Keylong (3,350 m)
The little town of Keylong is the headquarters of the administrative district of Lahaul & Spiti. It has a marketplace, filling stations and medical facilities. Keylong lies above the river Bhaga and is 6 Km from its confluence with the waters of the Chandra at Tandi. Keylong was also the base of the Moravian missionaries - and the poplar trees still growing there, were planted by them.
Guru Ghantal Monastery (3,020 m)
This lies high over the confluence of the rivers Chandra and Bhaga and is regarded as the oldest monastery in Lahaul. Two great figures of Trans Himalayan Buddhism were associated with it - Padmasambhava and Rinchensang-po. The monastery enshrines and image of the goddess Vajreshwari Devi (Do-jeLha-mo), a wooden image of the Buddha and a marble head of Avalokitesvara - legend has that this head was seen emerging out of the sandbank where the rivers Chandra and Bhaga meet and without waiting for the rest of the body to appear, someone lopped this off. The faithful also believe that in the Guru Ghantal monastery, and sealed in a dark airless room, is the visage of the demon Tsedak who once ravaged that area till he was captured.
Visible from Keylong the monastery and village of Kardang lie across the Bhaga. With a backdrop of bare mountains, the monastery is believed to date back to the 12th century and is one of the most revered places of the Drug-pa (Red Hat) sect and has large library of the sacred Kangyur and Tangyur texts - and is also the repository of some exquisite thangka paintings, musical instruments and old weapons. For a long time the monastery was in a state of disrepair till it was revitalised by Lama Norbu in 1912. At Kardang, there are dozens of resident monks and nuns - and many more who are there for short periods. Several monks are believed to have undertaken marathon meditations - with the session lasting for the traditional period of three years, three months and three days. The village of Kardang was once the 'capital' of Lahaul.
On the same slope as Keylong, this monastery is surrounded by a rare patch of woodland and was founded in the seventeenth century by Deva Gyatso-and the name 'Shashur` means 'in the blue pines'. The festival of Shashur Tseshe is held every June/July when monks dressed in masks and colourful costumes perform dances. The monastery is known for the images and paintings it houses.
'Tayul' means the "place that is chosen", and so it must be for local legend maintains that the main prayer wheel rotates on its own accord on certain occasions. It has a huge statue of Padmasabhava and its library houses the one hundred and one volumes of the sacred Kangyur text.
This is a small monastery, but is held in great sanctity and is well known for its 'dance-drama' enacted every July.
Attractively sited near the confluence of two side streams of the river Bhagat this is a small village which also has religious significance.

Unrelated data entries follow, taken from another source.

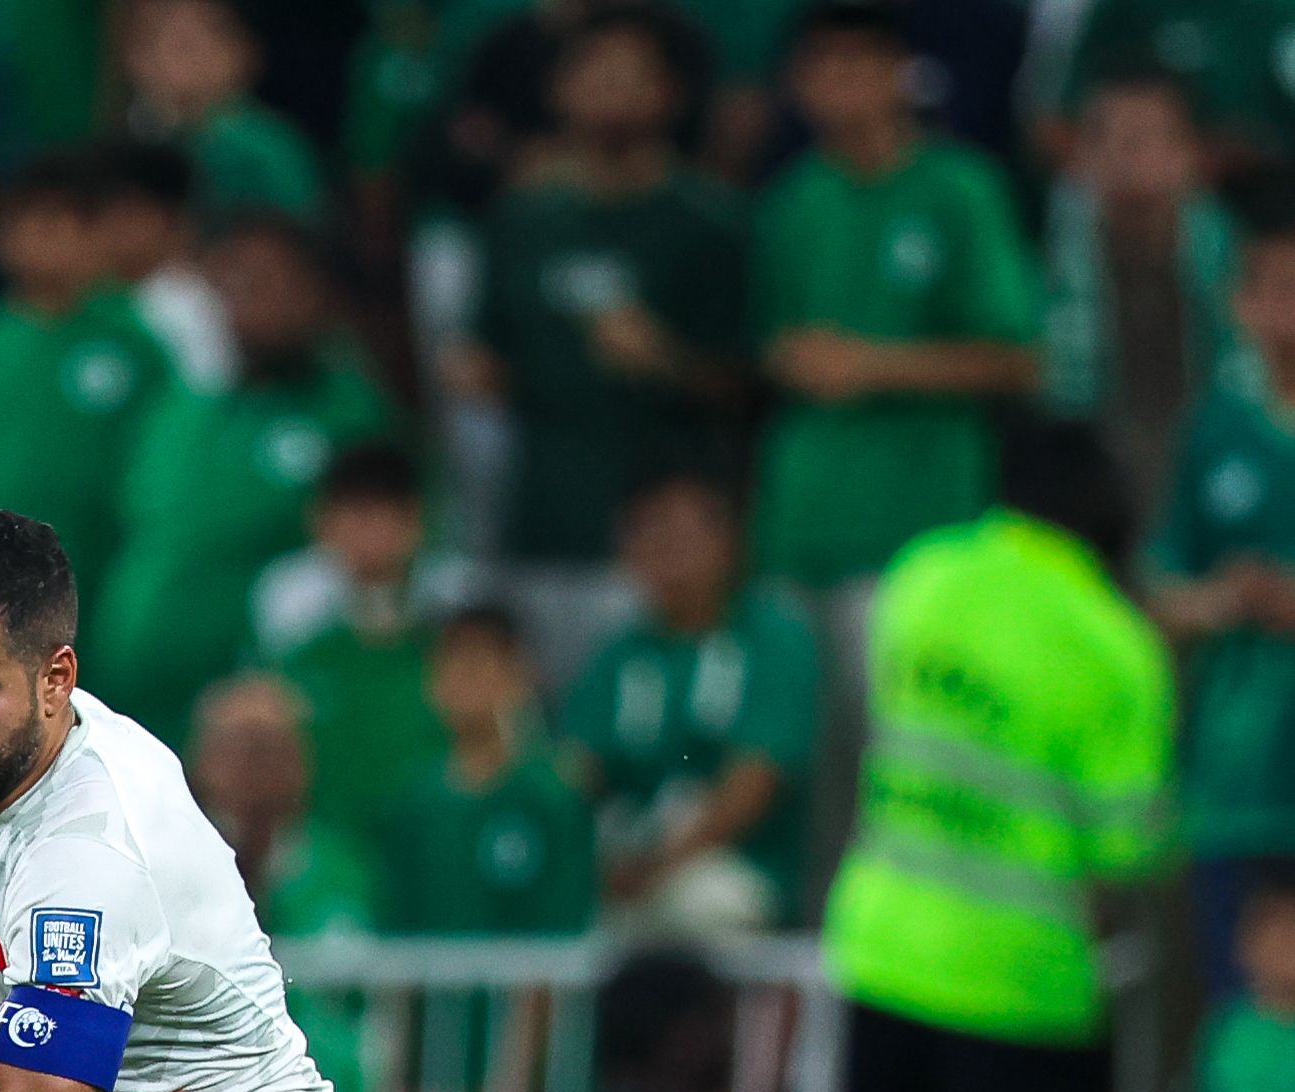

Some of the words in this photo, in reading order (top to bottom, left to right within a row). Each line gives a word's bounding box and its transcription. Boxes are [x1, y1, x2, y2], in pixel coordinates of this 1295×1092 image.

[43, 920, 86, 935] FOOTBALL
[43, 933, 86, 951] UNITES
[41, 948, 57, 962] the
[57, 949, 87, 966] World
[55, 965, 73, 973] FIFA

After the Tanglang La, this is the last point in Himachal on the route to Leh.
Gondhla (3,160 m)
On the right bank of the river Chandra, this is en route from Manali to Keylong. Gondhla has level stretches of cultivated land and its most distinctive feature is the eight-storeyed timber and stone tower that was the residence of the local 'thakur', chief. The monastery has historical importance and every July, this is the site of a large fair where masked dances commemorate the victory over Tibetan King, Langdarma, an enemy of Buddhism. Opposite Gondhla, a sheer cliff rises over 1500 m and forms a spectacular sight.
Tandi (2,673 m)
This has the confluence of rivers Chandra and Bhaga. A folktale about the place speaks of Chandra, the daughter of the moon and Bhaga, son of the sun. Both fell in love and decided to have a marriage that would last forever and to sanctify this, they decided to circle of all of Lahaul and then meet. After great difficulty, they managed to reach Tandi where they were united.
The deity Gyephang is regarded to have been born here and a shrine is dedicated to him.
Located in the Pattan valley by the waters of the Chandrabhaga, this is considered to be the legendary abode of many of Lahaul's deities.
Trilokinath (2,760 m)
Its shrine is revered by both Hindus and Buddhists and both pay homage to a single image. The Hindus regard 'Trilokinath' as Bhagwan Shiva, while the Buddhists regard the image to be that of Avalokiteshwara, the personification of compassion and infinite light. It is the site of an important fair called 'Pori' held in August.
Udaipur (2,650 m)
This has an ancient temple dedicated to Devi Durga and has come fine carvings.
Baralacha La (4,890 m)
This means 'the pass with the crossroads on the summit'. And here meet the paths from Zanskar, Ladakh, Spiti and Lahaul. It is 8 Km long and is on the Manali-Leh route. This is also the watershed for the Chandra, Bhaga and Yunam rivers.
Kunzam La (4,550 m)
This pass connects Lahaul with Spiti over the Kunzam range and the majestic Shigri peak is visible from its crest.
Chandra Tal (4,270 m)
6 Km from the Kunzam Pass, this lake is surrounded by snows and acres of scree and its deep blue-waters have a circumference of 2.5 Km. The lake is planned for incorporation in the Ransar Convention of international wetlands.